**Instructions for the task**: Each record below is to be copied word for word, with pictures removed.

(Data extracted from a collection)
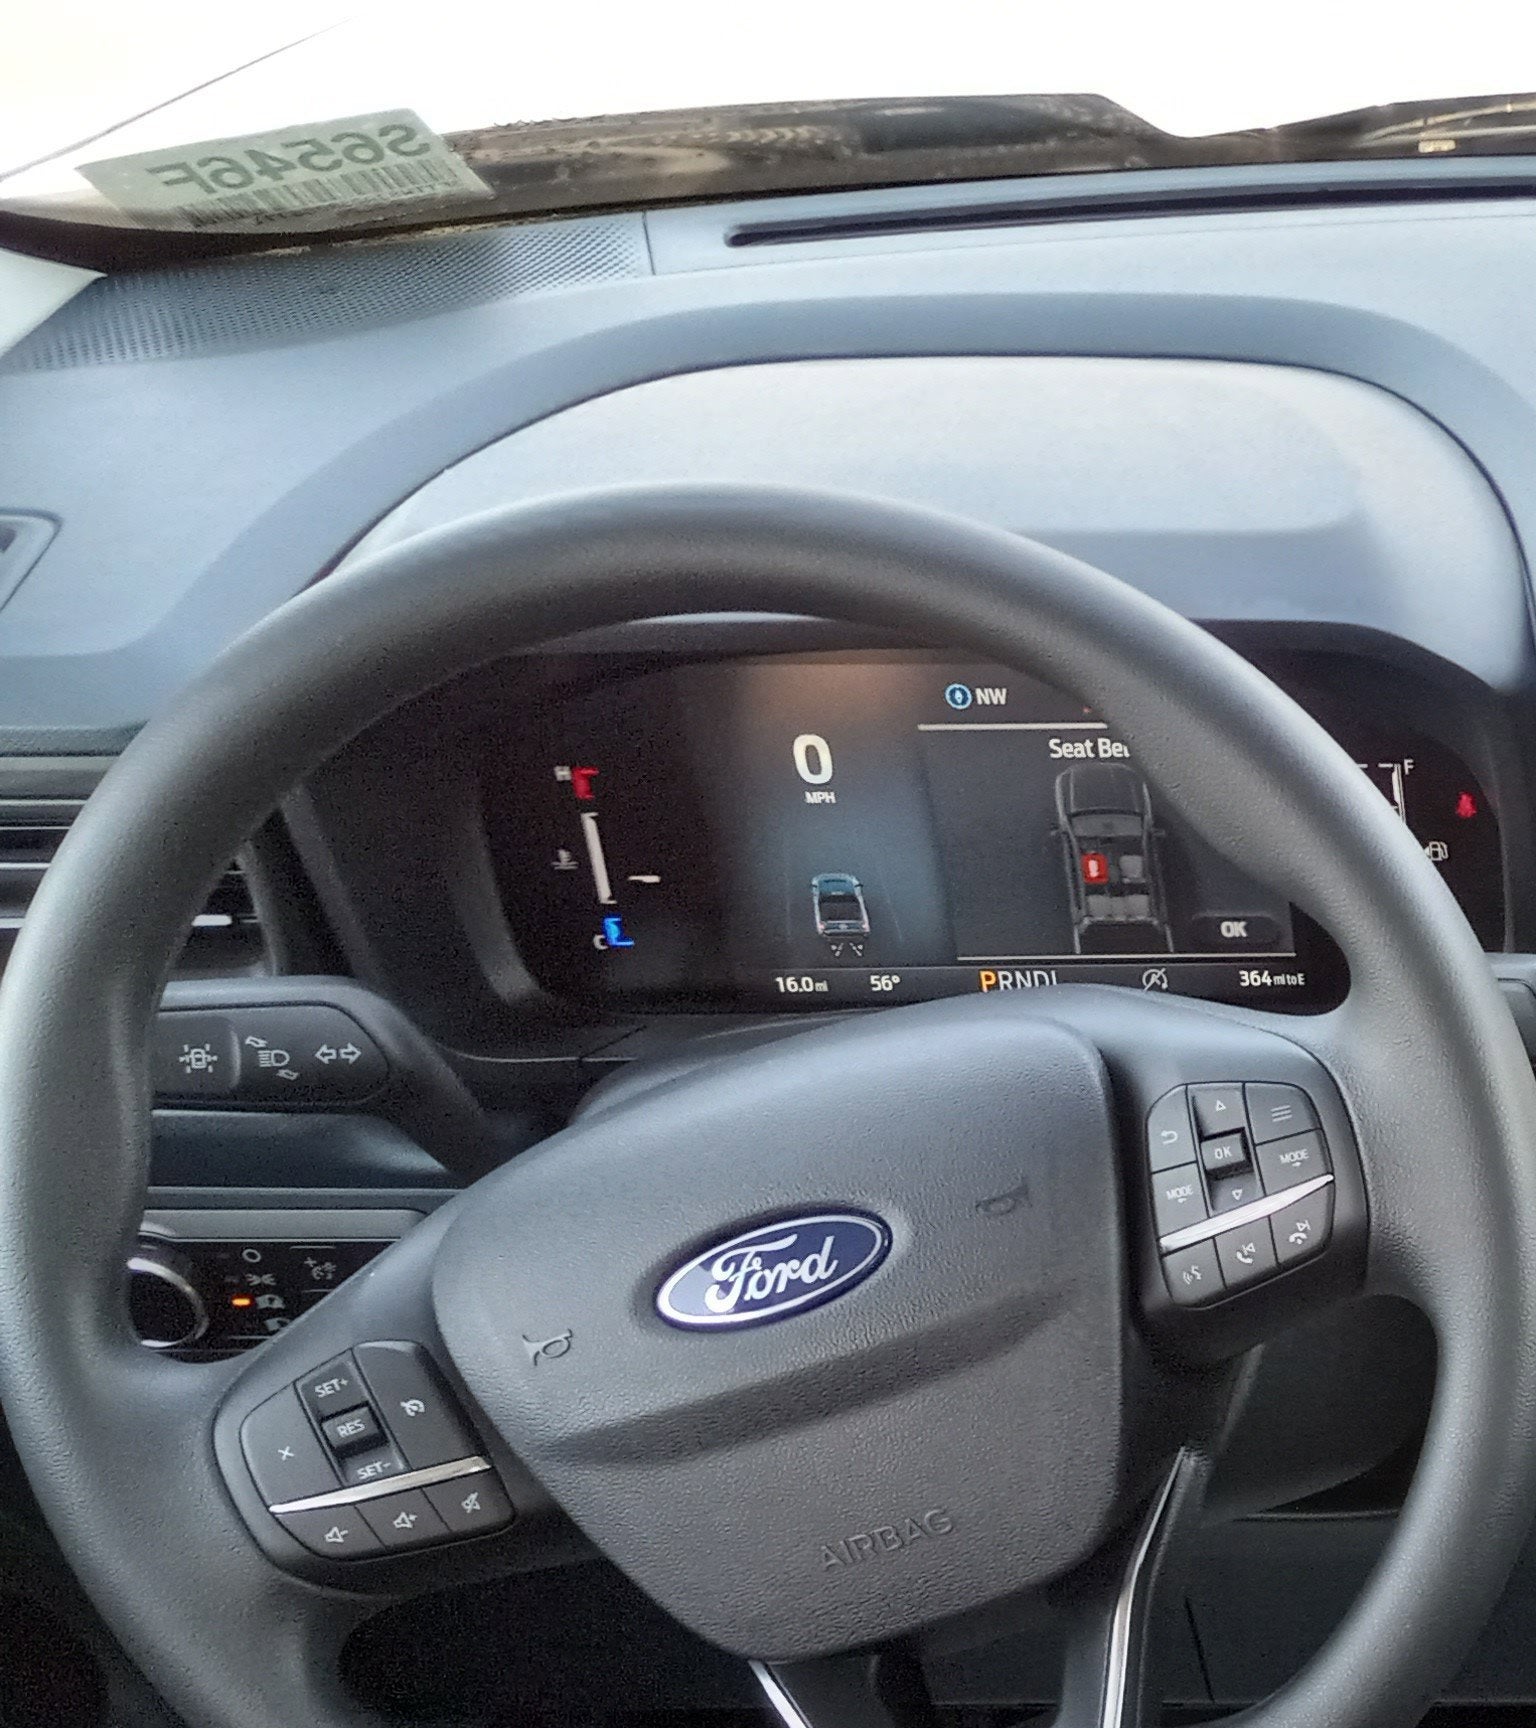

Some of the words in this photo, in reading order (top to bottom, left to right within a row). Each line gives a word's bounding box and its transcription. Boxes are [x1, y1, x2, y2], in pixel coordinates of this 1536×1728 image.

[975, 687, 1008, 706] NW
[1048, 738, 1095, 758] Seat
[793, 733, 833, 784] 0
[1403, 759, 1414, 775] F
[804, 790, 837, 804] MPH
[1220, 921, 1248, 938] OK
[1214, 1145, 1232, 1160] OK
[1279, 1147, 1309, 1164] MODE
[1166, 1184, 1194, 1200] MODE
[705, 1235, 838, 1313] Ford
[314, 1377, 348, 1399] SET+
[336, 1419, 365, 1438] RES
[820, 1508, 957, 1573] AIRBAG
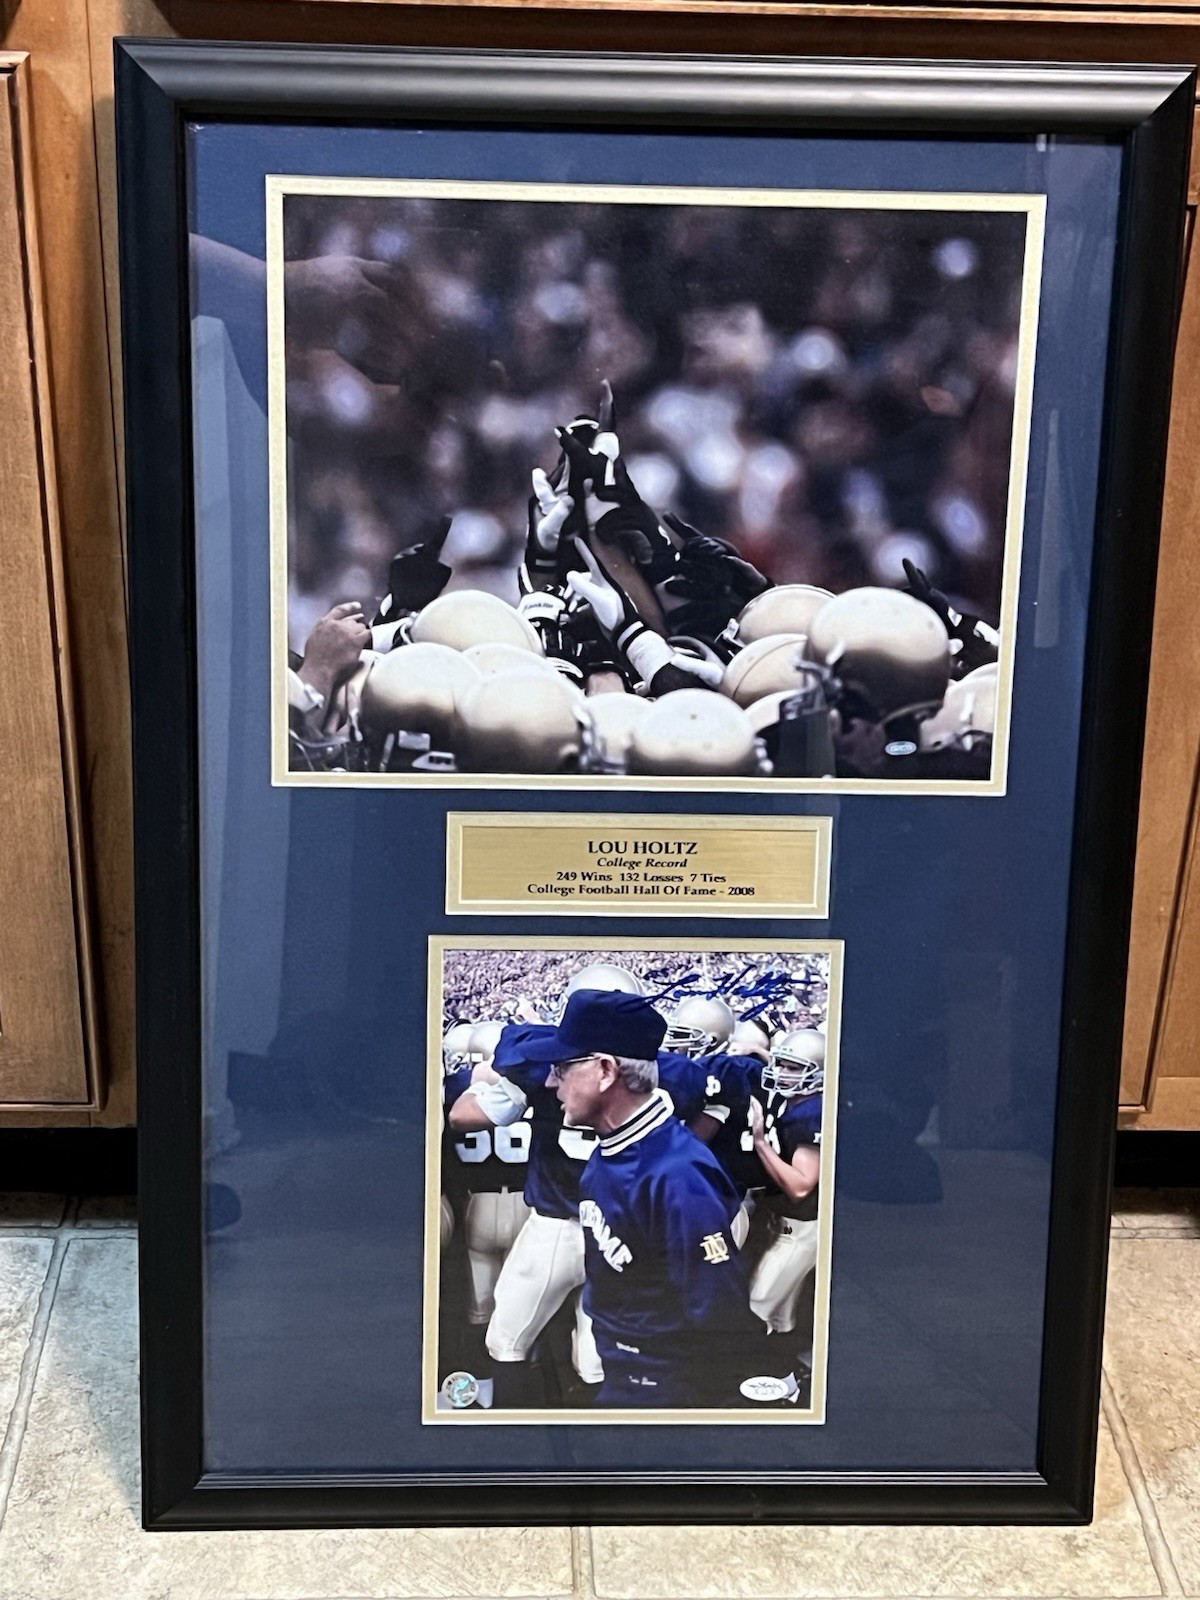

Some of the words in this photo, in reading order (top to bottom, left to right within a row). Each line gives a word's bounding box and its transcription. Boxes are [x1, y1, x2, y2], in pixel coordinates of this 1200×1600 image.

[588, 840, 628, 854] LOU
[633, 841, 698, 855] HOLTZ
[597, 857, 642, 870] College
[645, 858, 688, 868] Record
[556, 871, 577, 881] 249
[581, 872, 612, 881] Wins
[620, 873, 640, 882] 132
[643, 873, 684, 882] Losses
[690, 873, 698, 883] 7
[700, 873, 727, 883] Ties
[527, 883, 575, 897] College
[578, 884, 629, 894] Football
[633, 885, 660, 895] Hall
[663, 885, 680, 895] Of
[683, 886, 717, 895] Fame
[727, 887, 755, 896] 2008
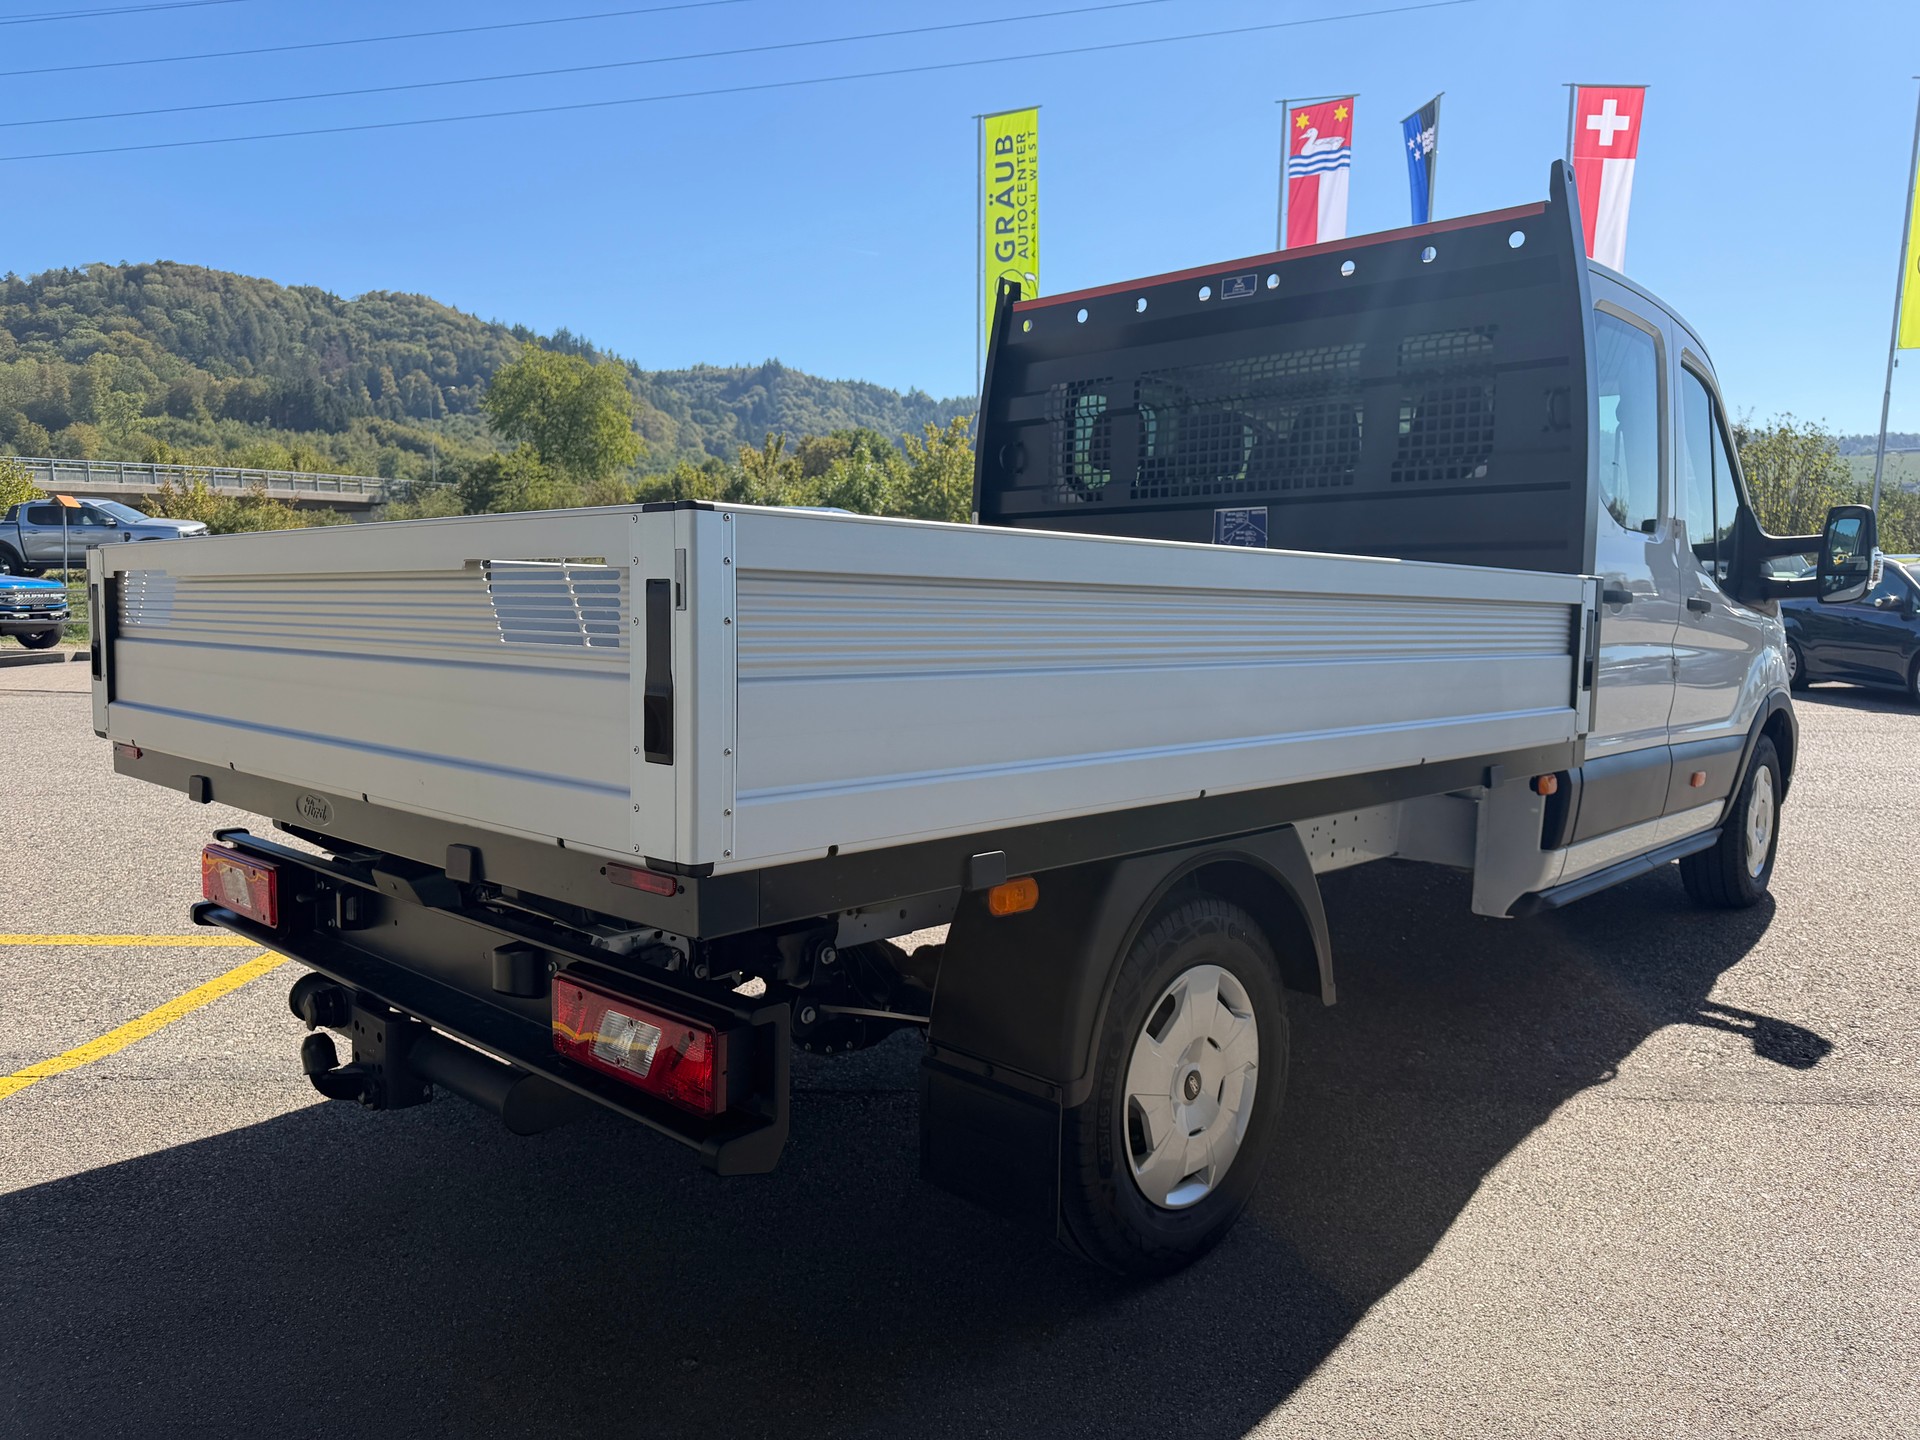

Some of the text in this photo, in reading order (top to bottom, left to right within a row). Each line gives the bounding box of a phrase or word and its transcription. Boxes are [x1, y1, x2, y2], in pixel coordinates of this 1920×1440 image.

**Output for this exercise**:
Some of the words in this photo, in reading order (top to bottom, left to right within a row). Each line gives a word's bounding box and its transcription. Boxes are [x1, y1, x2, y2], in pixel coordinates of this 1536×1728 image.

[975, 687, 1008, 706] NW
[1048, 738, 1095, 758] Seat
[793, 733, 833, 784] 0
[1403, 759, 1414, 775] F
[804, 790, 837, 804] MPH
[1220, 921, 1248, 938] OK
[1214, 1145, 1232, 1160] OK
[1279, 1147, 1309, 1164] MODE
[1166, 1184, 1194, 1200] MODE
[705, 1235, 838, 1313] Ford
[314, 1377, 348, 1399] SET+
[336, 1419, 365, 1438] RES
[820, 1508, 957, 1573] AIRBAG

Some of the words in this photo, in reading order (top to bottom, left to right within a row). Each line gives a word's bounding box and its transcription. Boxes are [x1, y1, x2, y2], in pixel coordinates of this 1200×1600 image.

[588, 840, 628, 854] LOU
[633, 841, 698, 855] HOLTZ
[597, 857, 642, 870] College
[645, 858, 688, 868] Record
[556, 871, 577, 881] 249
[581, 872, 612, 881] Wins
[620, 873, 640, 882] 132
[643, 873, 684, 882] Losses
[690, 873, 698, 883] 7
[700, 873, 727, 883] Ties
[527, 883, 575, 897] College
[578, 884, 629, 894] Football
[633, 885, 660, 895] Hall
[663, 885, 680, 895] Of
[683, 886, 717, 895] Fame
[727, 887, 755, 896] 2008

Some of the text in this photo, in reading order (top to bottom, left to right within a row). Each line gives the bounding box of a phrase or word and its transcription. Boxes are [x1, y1, x2, y2], in pixel coordinates of this 1920×1440 image.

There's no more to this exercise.